A big thank you to Rebecca Hinds and Jeff Booth for their help with this post.



February 6, 2014
John Cleese Has a Serious Side
Limit the Time You Spend on Email
Many of us resist the idea of limiting the total amount of time we spend on email. Instead, we allow the volume of email we receive, and the number of messages that require a response, to dictate how much of our day goes to the endless cycle of send and receive.
But letting email set the pace and structure of your working life makes sense only if answering email is the single most important part of your job. Unless you work on the frontlines of customer support, there’s probably a lot of other work that’s more important – even if it doesn’t feel as urgent as the message that just arrived. Committing to a minimum and maximum amount of time you’ll spend on email instead allows you to undertake focused work when you need to – and just as important, to take actual downtime.
The best way to keep email from crowding out the rest of your professional and personal priorities is to set an email budget: a specific amount of time you’ll spend on email, and a plan for how you’ll make the most of that time. Like a financial budget, an email budget helps you make the best use of a limited resource — in this case, your time.
Setting your email budget
Start by determining the total size of your email budget: the amount of time email warrants relative to your other priorities and workload. A good place to start is by looking at how much time you spend on email now, especially if you add up all those quick phone check-ins while you’re in line or on the commuter train, or grabbing a couple of minutes between meetings. If you reallocated a portion of that time to the incomplete project on your desk, or to the marketing campaign you putting off, or to restorative activities like sleep and exercise, would your professional effectiveness be enhanced or diminished? Use this self-assessment to determine the proportion of your workday that should go to email.

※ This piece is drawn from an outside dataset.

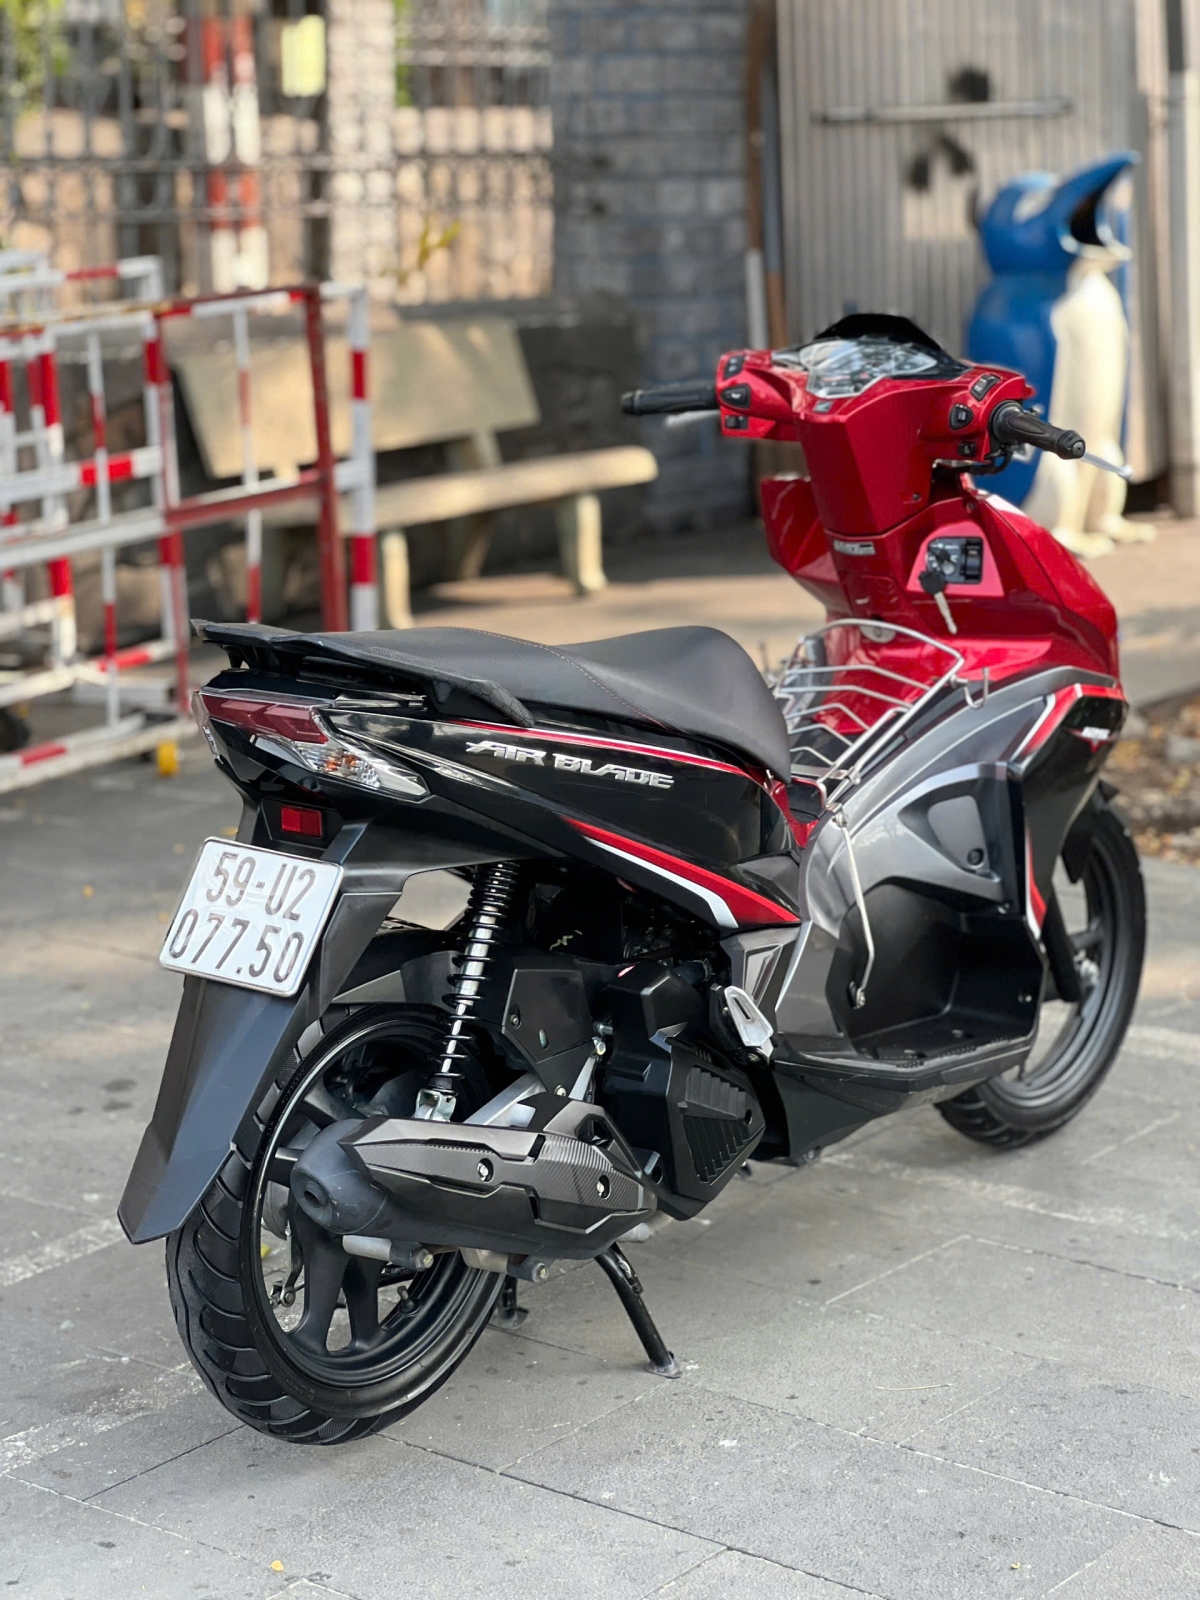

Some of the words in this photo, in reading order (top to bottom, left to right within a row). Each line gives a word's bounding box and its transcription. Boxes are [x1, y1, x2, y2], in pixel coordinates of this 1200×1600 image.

[465, 740, 547, 767] AIR
[552, 753, 675, 789] BLADE
[206, 851, 316, 921] 59-U2
[169, 908, 304, 983] 077.50

Allocating your email time
Once you’ve determined the size of your email budget, you should divide it up into a series of regular, brief check-ins (10 or 15 minutes maximum) throughout the day along with one or two extended periods of an hour or more per day. Keep your email program closed (and notifications on your phone off!) outside of your regular email hours and check-ins. Use a note-taking program or a task manager to keep a list of emails you need to send, rather than starting to write each email as it occurs to you, and leaving it open to finish at some later time.

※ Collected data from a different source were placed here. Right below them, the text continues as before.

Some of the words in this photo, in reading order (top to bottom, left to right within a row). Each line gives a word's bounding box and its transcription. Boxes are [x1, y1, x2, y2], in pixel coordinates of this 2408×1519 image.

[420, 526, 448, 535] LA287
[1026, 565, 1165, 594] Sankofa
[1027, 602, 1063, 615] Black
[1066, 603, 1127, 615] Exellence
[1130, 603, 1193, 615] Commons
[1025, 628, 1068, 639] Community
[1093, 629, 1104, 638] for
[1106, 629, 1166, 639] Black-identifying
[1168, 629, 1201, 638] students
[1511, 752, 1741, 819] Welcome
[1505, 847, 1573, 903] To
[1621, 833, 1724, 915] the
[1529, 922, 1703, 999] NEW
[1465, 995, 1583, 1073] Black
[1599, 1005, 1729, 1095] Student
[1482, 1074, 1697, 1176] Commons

Use the short check-ins to read or reply to time-sensitive items, while immediately deleting anything you don’t need to see at all. During your extended periods of email processing time, tackle messages that will take longer to process — to read or to form a thoughtful response — and try to clear out the day’s accumulation, archiving and sorting through what remains. Recognize that you may not get through every message within the hour you’ve set aside, and allocate your attention accordingly: don’t proceed chronologically through your inbox but rather attack what appear to be the most critical messages first. Also be wary of letting your “email time” go to actual project work: just because you were assigned a task over email doesn’t mean that you should be doing it in your allotted email hour.

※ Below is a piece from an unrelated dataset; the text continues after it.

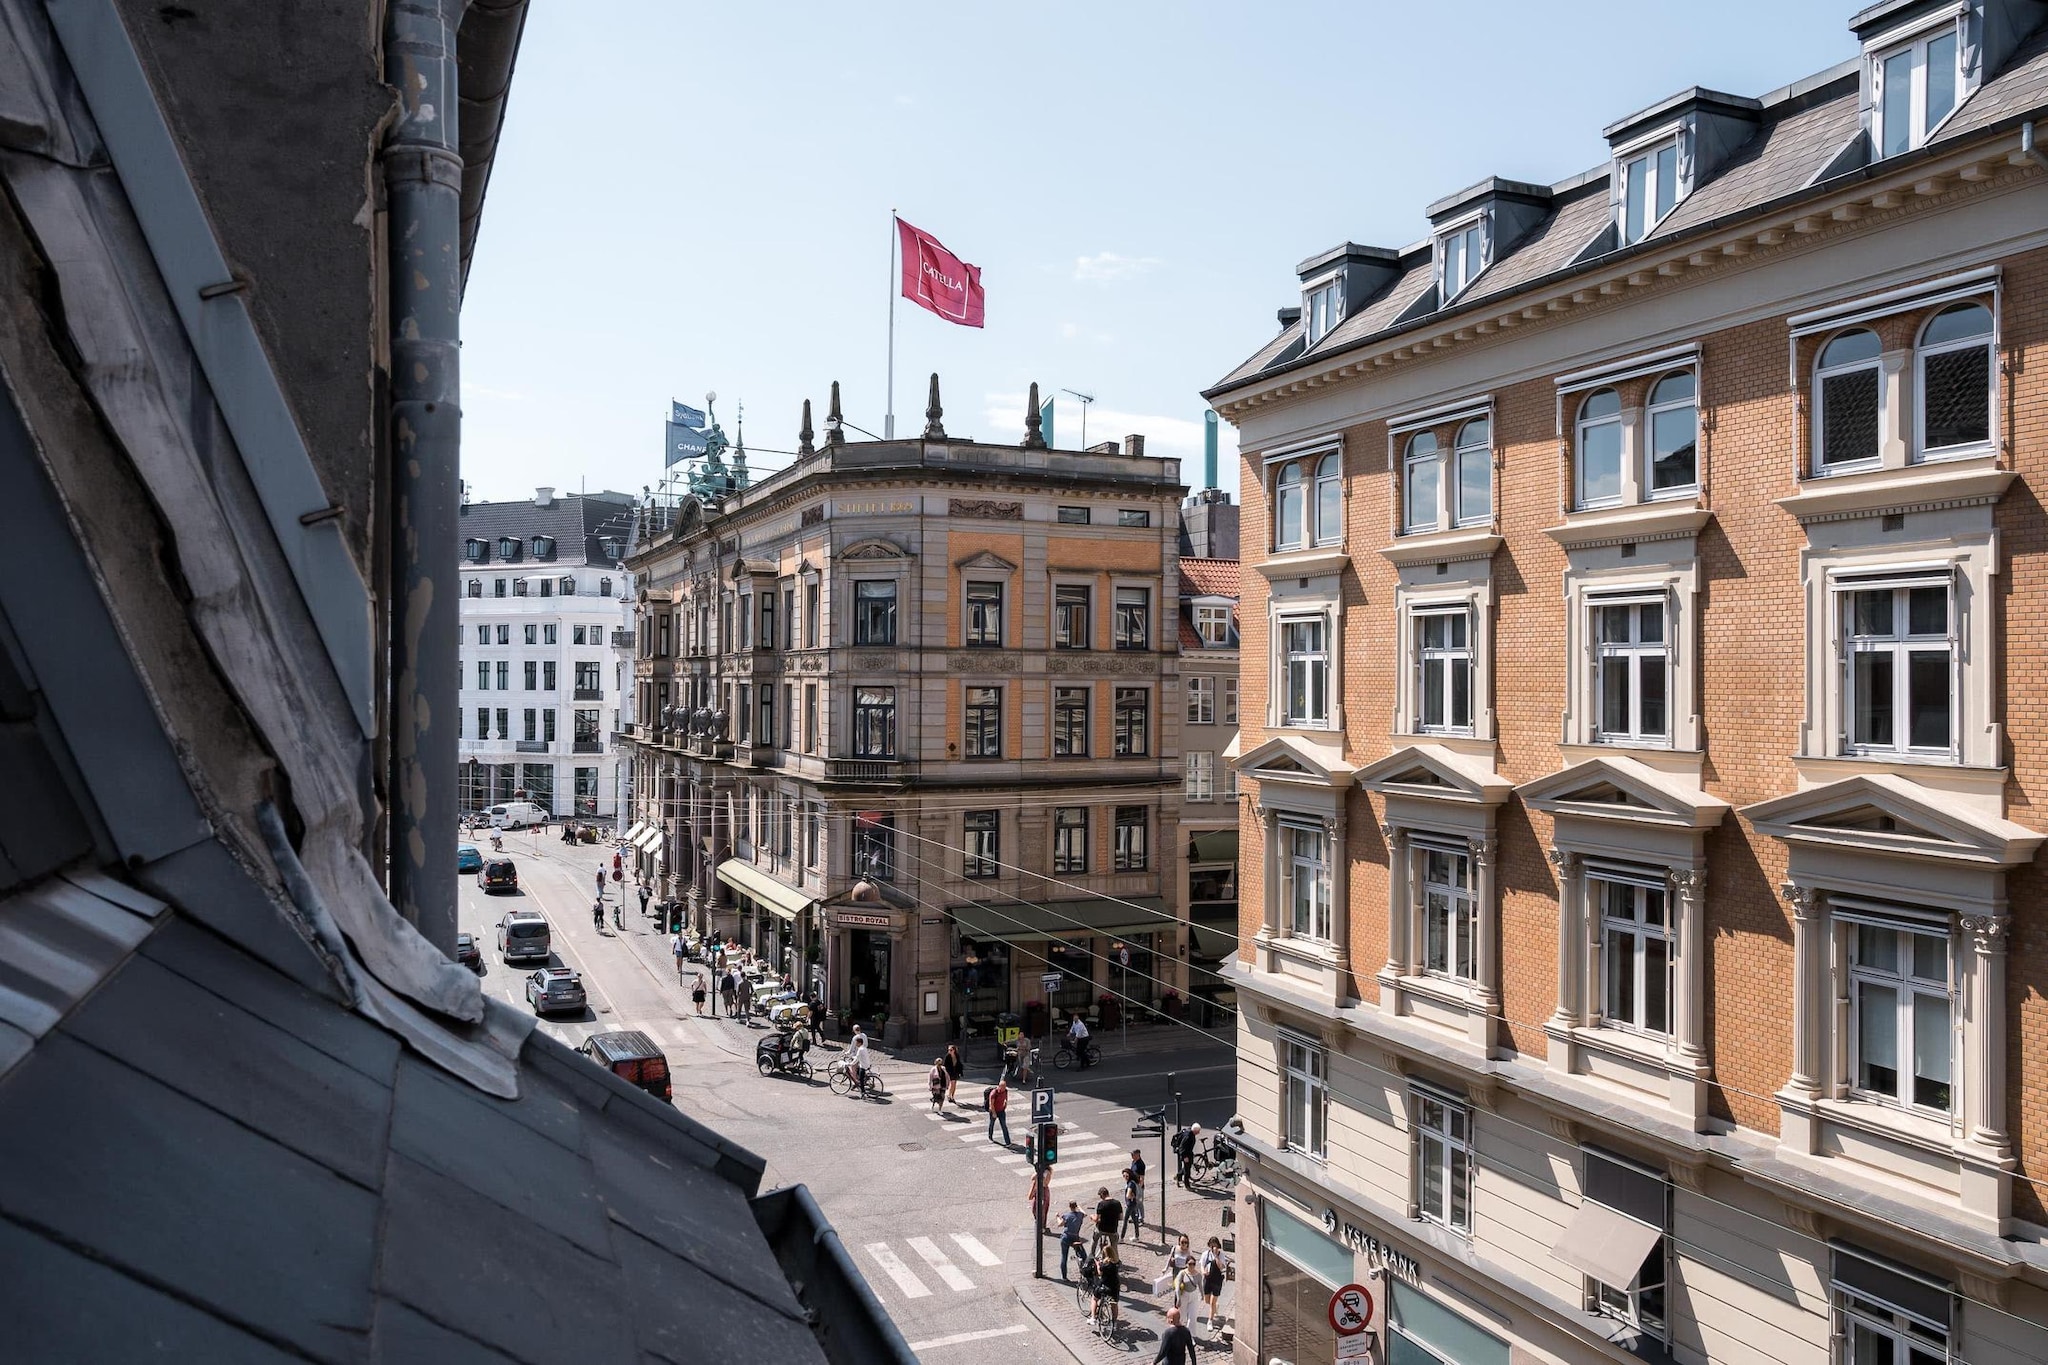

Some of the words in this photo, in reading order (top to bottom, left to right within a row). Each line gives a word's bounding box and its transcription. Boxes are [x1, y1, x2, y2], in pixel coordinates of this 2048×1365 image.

Focus on the emails that matter
You will make the most of your limited email time if you spend it actually reading and responding to important messages rather than on the time-consuming task of plowing through a long list of incoming emails that may or may not warrant your attention. That means automating your message triage process in a way that reflects conscious and explicit choices about what kinds of emails you will and won’t read, and when.
Email management tools like Sanebox and Other Inbox offer a quick way to limit the amount of inbound messages you need to scan. You’ll have the greatest control over what hits your inbox if you set up your own set of mail rules or filters, however. This functionality is available in most popular email programs such as Outlook, Gmail, and others; you can find a step-by-step guide to using rules and filters in my latest ebook, Work Smarter: Rule Your Email.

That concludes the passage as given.